Cher Guilherme Botelho, la ville où vous emmenez vos danseurs, Tel-Aviv, est à 60 kilomètres de Ramallah. C'est plus près que pour un spectateur de Lausanne qui irait assister à l'un de vos spectacles au Théâtre Forum Meyrin. Et pourtant, ceux qui vous ont connu en 2008 à Ramallah ne pourront pas vous admirer à Tel-Aviv en 2011, parce que l'armée d'occupation n'a jamais reconnu aux Palestiniens le droit de circuler librement. L'armée israélienne se moque que des Palestiniens aiment votre danse. Dans l'autre sens, on sait aussi que les militants pacifistes désireux de se rendre en Cisjordanie sont également bannis de la ville. Il y a seulement quelques semaines, des centaines d'entre eux ont été refoulés, sur demande du pouvoir israélien, à l'aéroport de Genève-Cointrin, à Paris et à Bruxelles, alors qu'ils s'apprêtaient à prendre l'avion. N'est-il pas gênant d'être invité à présenter une oeuvre d'art, pacifique par essence, dans une ville d'où sont bannis les militants pacifistes ?

Tel-Aviv, ainsi que le centre Suzanne Dellal, la prestigieuse scène où vos danseurs vont se produire, voudraient être les devantures blanches et propres d'un État maculé de rouge par ses gouvernants. Mais la réalité est plus crue. Tel-Aviv comptait 50'000 habitants arabes en 1948. Ils ne sont plus que 4'000 aujourd'hui, concentrés dans un seul secteur de la ville. Le centre Suzanne Dellal est situé à deux pas du quartier palestinien de Al-Manshiyya, détruit après 1948 pour faire place à des grattes-ciel et à un parc public. La plupart des habitants palestiniens de la ville ont été obligés de quitter leurs maisons et, dans leur majorité, ont été obligés de s'installer à Gaza (1). Que ce soit à Tel-Aviv ou ailleurs, Israël mène une politique de nettoyage ethnique visant à supprimer toute présence humaine palestinienne et à effacer toute trace de leur culture. Il y a seulement quelques jours, un comité gouvernemental a été créé en vue d'hébraïser les noms des villes, des villages et des quartiers arabes en Israël (2).

En conséquence, cher Guilherme Botelho, nous vous demandons d'annuler votre spectacle à Tel-Aviv, prévu pour le mois d'octobre prochain.

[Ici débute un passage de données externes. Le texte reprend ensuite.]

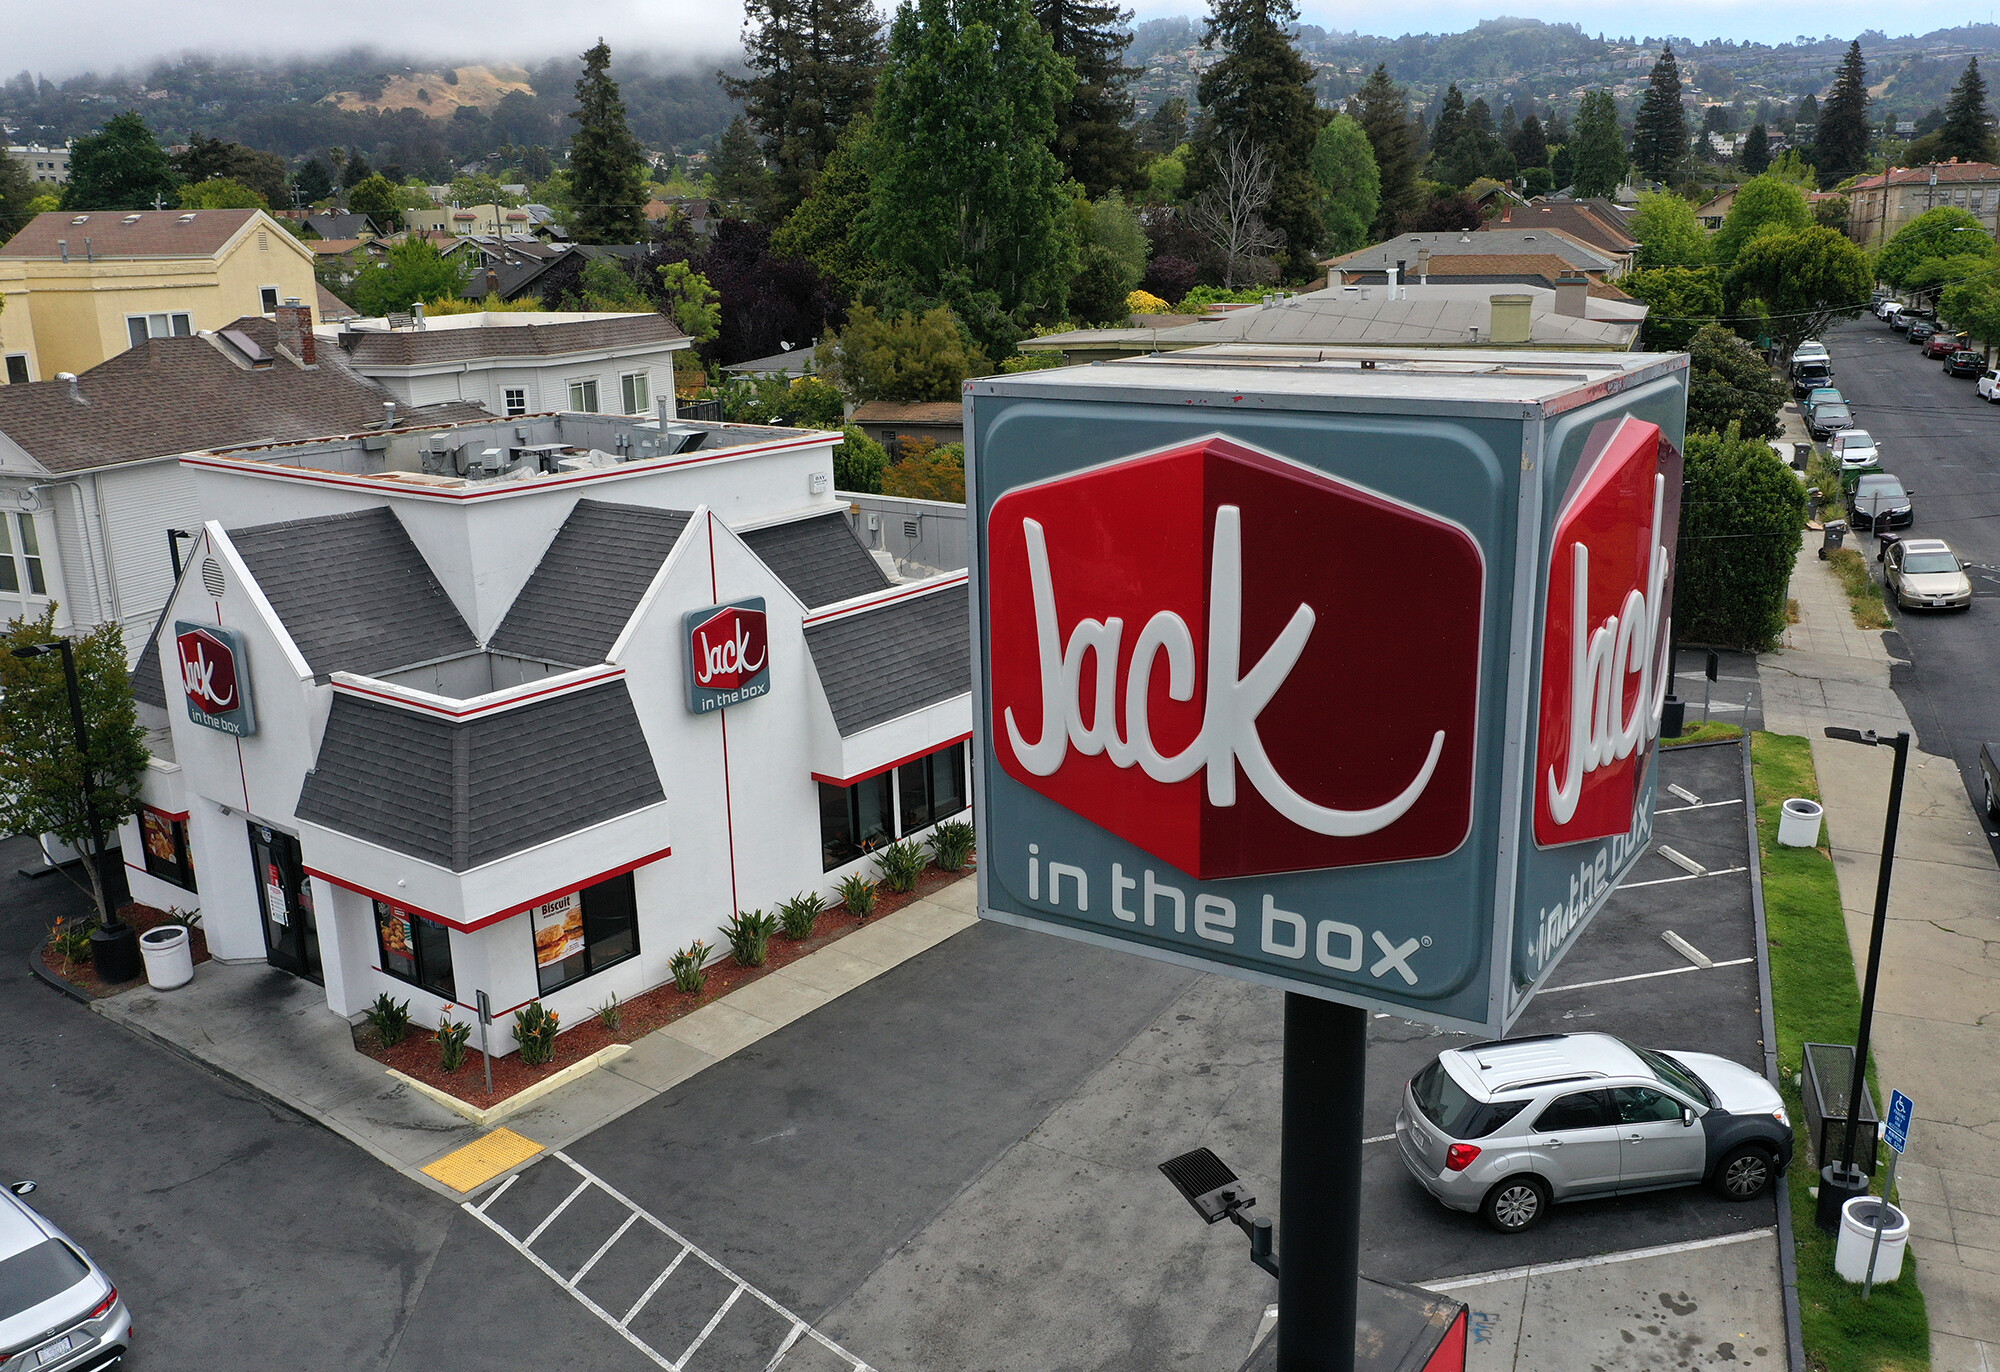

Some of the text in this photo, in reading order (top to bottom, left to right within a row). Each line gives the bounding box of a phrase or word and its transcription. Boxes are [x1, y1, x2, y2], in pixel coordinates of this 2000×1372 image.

[179, 641, 233, 706] Jack
[698, 618, 766, 684] Jack
[1004, 504, 1445, 837] Jack
[1547, 472, 1671, 826] Jack
[191, 708, 241, 734] in the box
[702, 684, 765, 710] in the box
[541, 896, 571, 916] Biscuit
[1027, 843, 1089, 913] in
[1111, 863, 1236, 946] the
[1569, 847, 1608, 931] the

À l'instar de nombreux artistes dans le monde, dont en Suisse Nicolas Wadimoff, Daniel Künzi, Frédéric Choffat, Alain Bottarelli, Steff Bossert, Mat Callahan et Michel Bühler qui, chacun à leur manière ont répondu positivement à l'appel au boycott lancé en 2004 et 2005 par les artistes palestiniens et les principaux acteurs de la société civile palestinienne, nous vous invitons à refuser d'honorer les manifestations organisées ou soutenues par les instances israéliennes officielles, et à refuser de vous produire dans les salles de spectacles qui servent de carte de visite à l'État d'Israël. Au contraire, nous vous proposons de vous inspirer de l'essayiste Naomi Klein, du musicien Roger Waters ou du philosophe Slavoj Zizek ou encore, des artistes de l'opération suisse Eternal Tour, qui ont contourné de manière créative les voies officielles et les institutions de l'État israélien pour permettre à un public minoritaire, mais conscient, en Israël, de connaître leur travail. Par la même occasion, nous vous encourageons vivement à permettre aux danseurs et aux chorégraphes palestiniens de profiter à nouveau de votre expérience.

Avec nos cordiales salutations

 

Pour le mouvement BDS en Suisse :

Birgit Althaler (traductrice, Bâle) ; Gabriel Ash (Genève) ; Anne Delahaye(danseuse, Genève) ; Marion Droz, Lausanne ; Claudine Faehndrich (Neuchâtel) ; Mary Honderich (enseignante, Genève) ; Nicolas Leresche (danseur, Genève) ; Rania Madi (UN Legal Advocacy Coordinator, Genève) ; Jasmine Schmid(Technicien en analyses biomédicales ES, Bassersdorf) ; Roberto Ventrella(designer, La Chaux-de-Fonds).